## What you should do
Only the lines below starting at the one that contains "this 1620×1080 image." and ending at the one that contains "this 1250×1667 image." are to be reproduced, exactly and with both ends kept.

## Data supplied
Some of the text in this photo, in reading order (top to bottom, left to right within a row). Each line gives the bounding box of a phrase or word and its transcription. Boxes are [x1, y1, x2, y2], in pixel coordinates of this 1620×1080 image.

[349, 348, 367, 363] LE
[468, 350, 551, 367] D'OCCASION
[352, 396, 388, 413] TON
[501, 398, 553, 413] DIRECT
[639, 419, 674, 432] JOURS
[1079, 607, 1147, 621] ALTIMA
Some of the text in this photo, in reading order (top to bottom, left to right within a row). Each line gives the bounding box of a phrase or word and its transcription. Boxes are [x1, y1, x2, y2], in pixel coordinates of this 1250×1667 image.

* * *

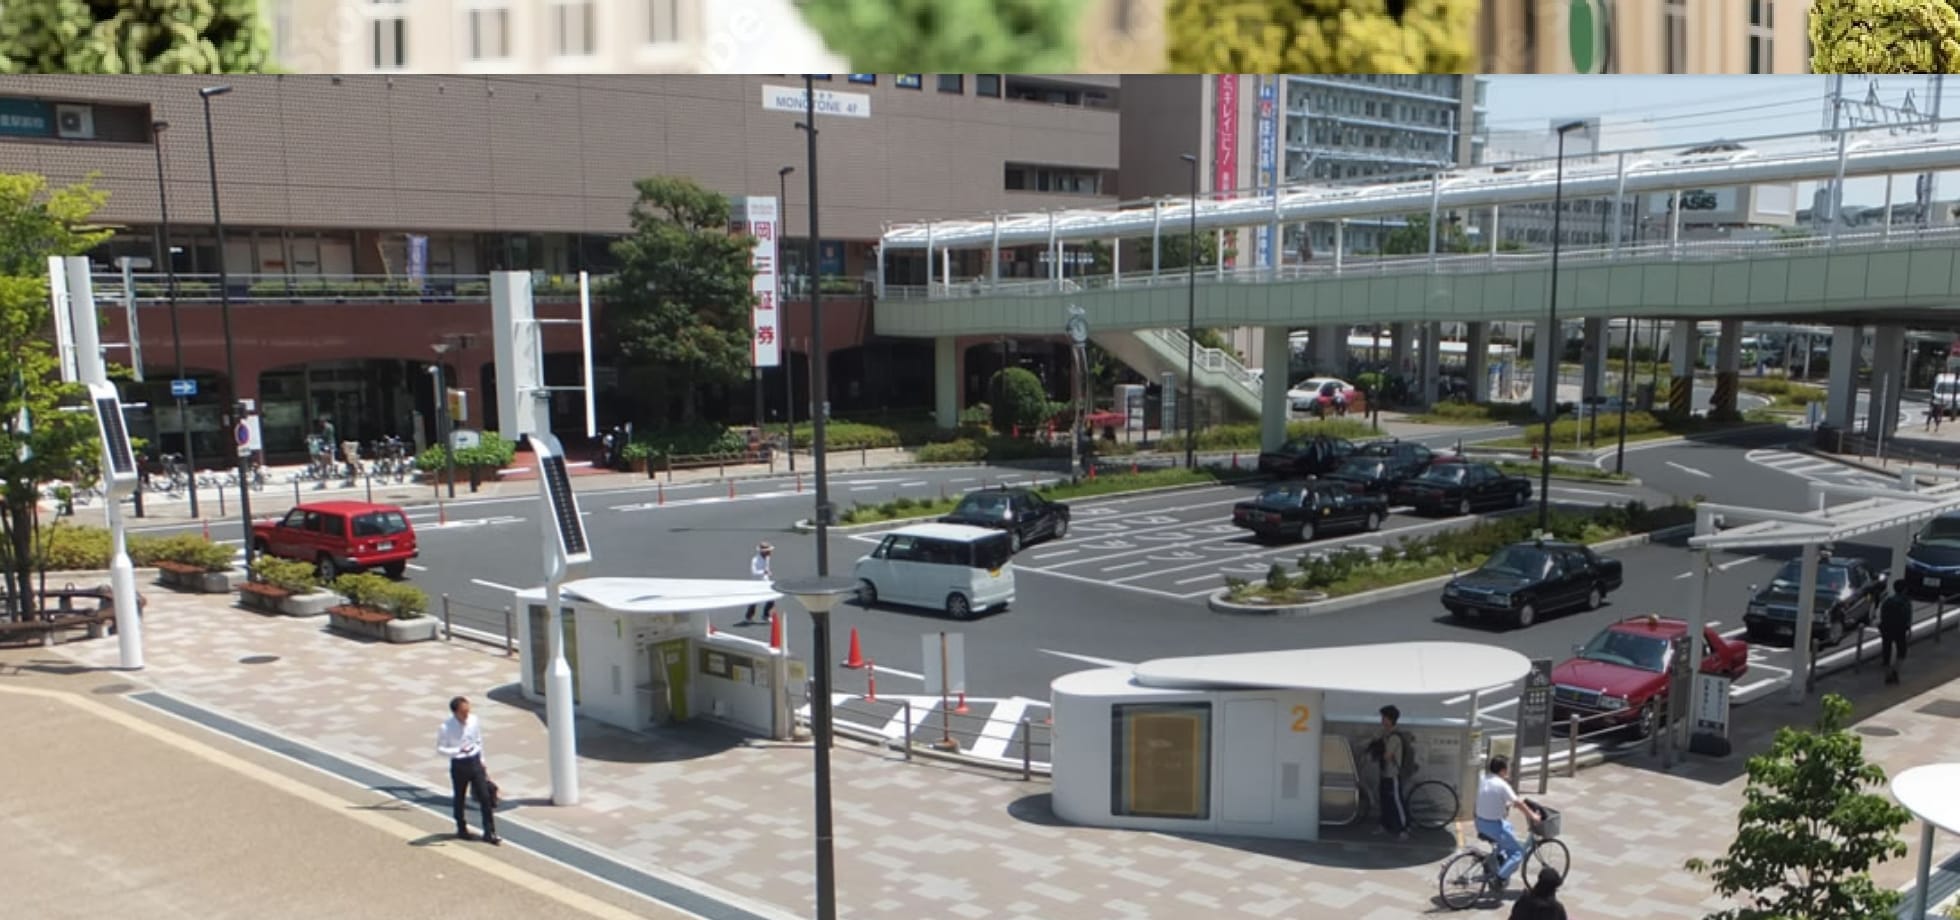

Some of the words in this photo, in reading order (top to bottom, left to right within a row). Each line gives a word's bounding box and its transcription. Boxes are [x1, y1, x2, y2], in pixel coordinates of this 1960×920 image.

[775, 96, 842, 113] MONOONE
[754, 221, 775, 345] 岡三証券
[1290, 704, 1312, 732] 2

---

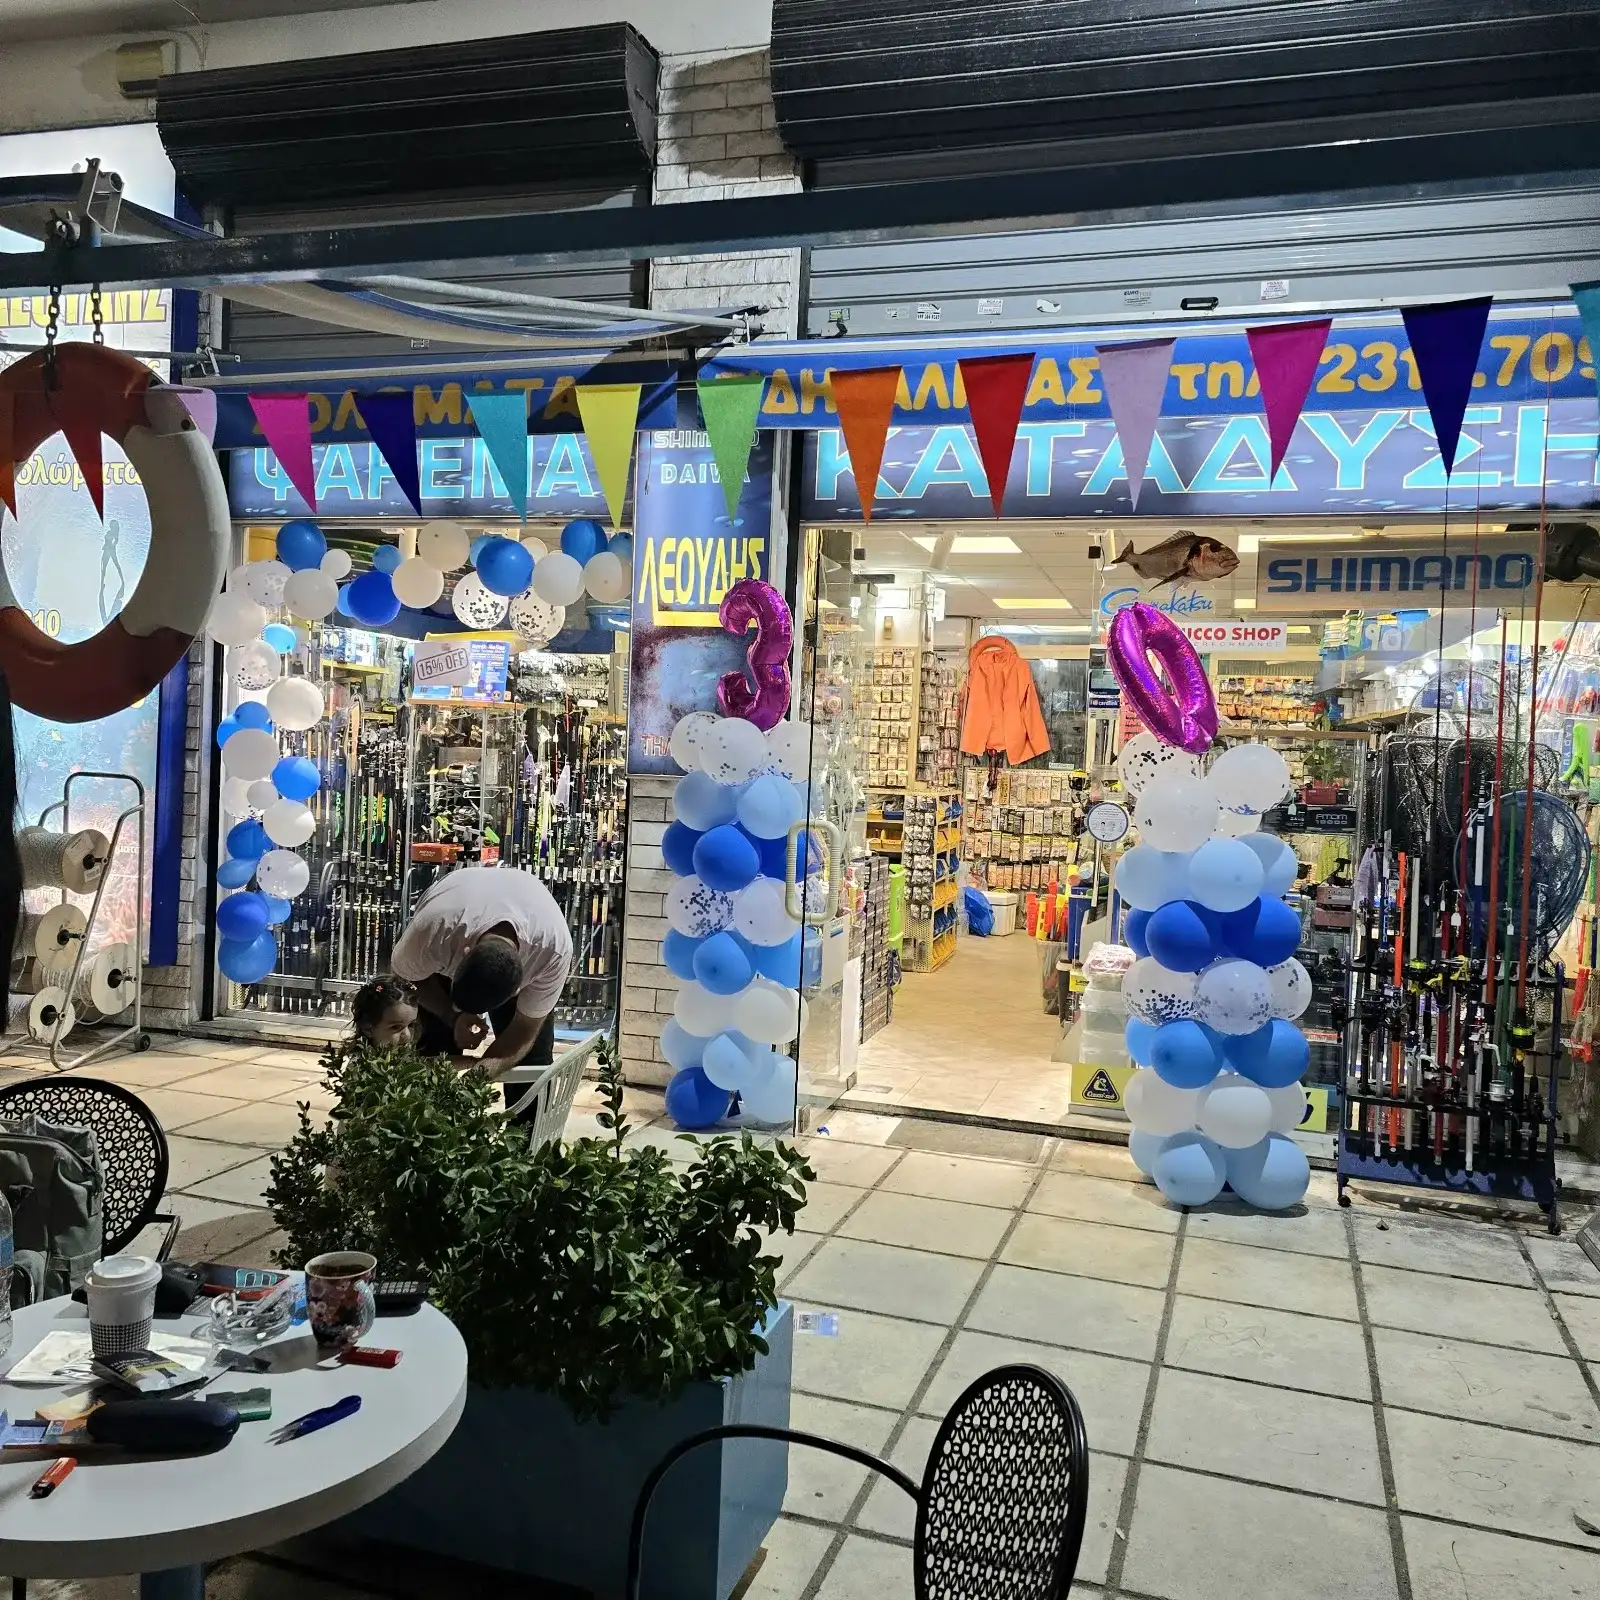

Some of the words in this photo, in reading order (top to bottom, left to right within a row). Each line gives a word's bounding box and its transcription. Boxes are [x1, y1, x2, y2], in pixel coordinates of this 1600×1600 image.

## Answer below
Some of the text in this photo, in reading order (top to bottom, left to right within a row). Each line gives the bounding box of a phrase or word and its transcription. Boxes are [x1, y1, x2, y2], in pixel coordinates of this 1620×1080 image.

[349, 348, 367, 363] LE
[468, 350, 551, 367] D'OCCASION
[352, 396, 388, 413] TON
[501, 398, 553, 413] DIRECT
[639, 419, 674, 432] JOURS
[1079, 607, 1147, 621] ALTIMA
Some of the text in this photo, in reading order (top to bottom, left to right within a row). Each line gives the bounding box of a phrase or word and its transcription. Boxes are [x1, y1, x2, y2], in pixel coordinates of this 1250×1667 image.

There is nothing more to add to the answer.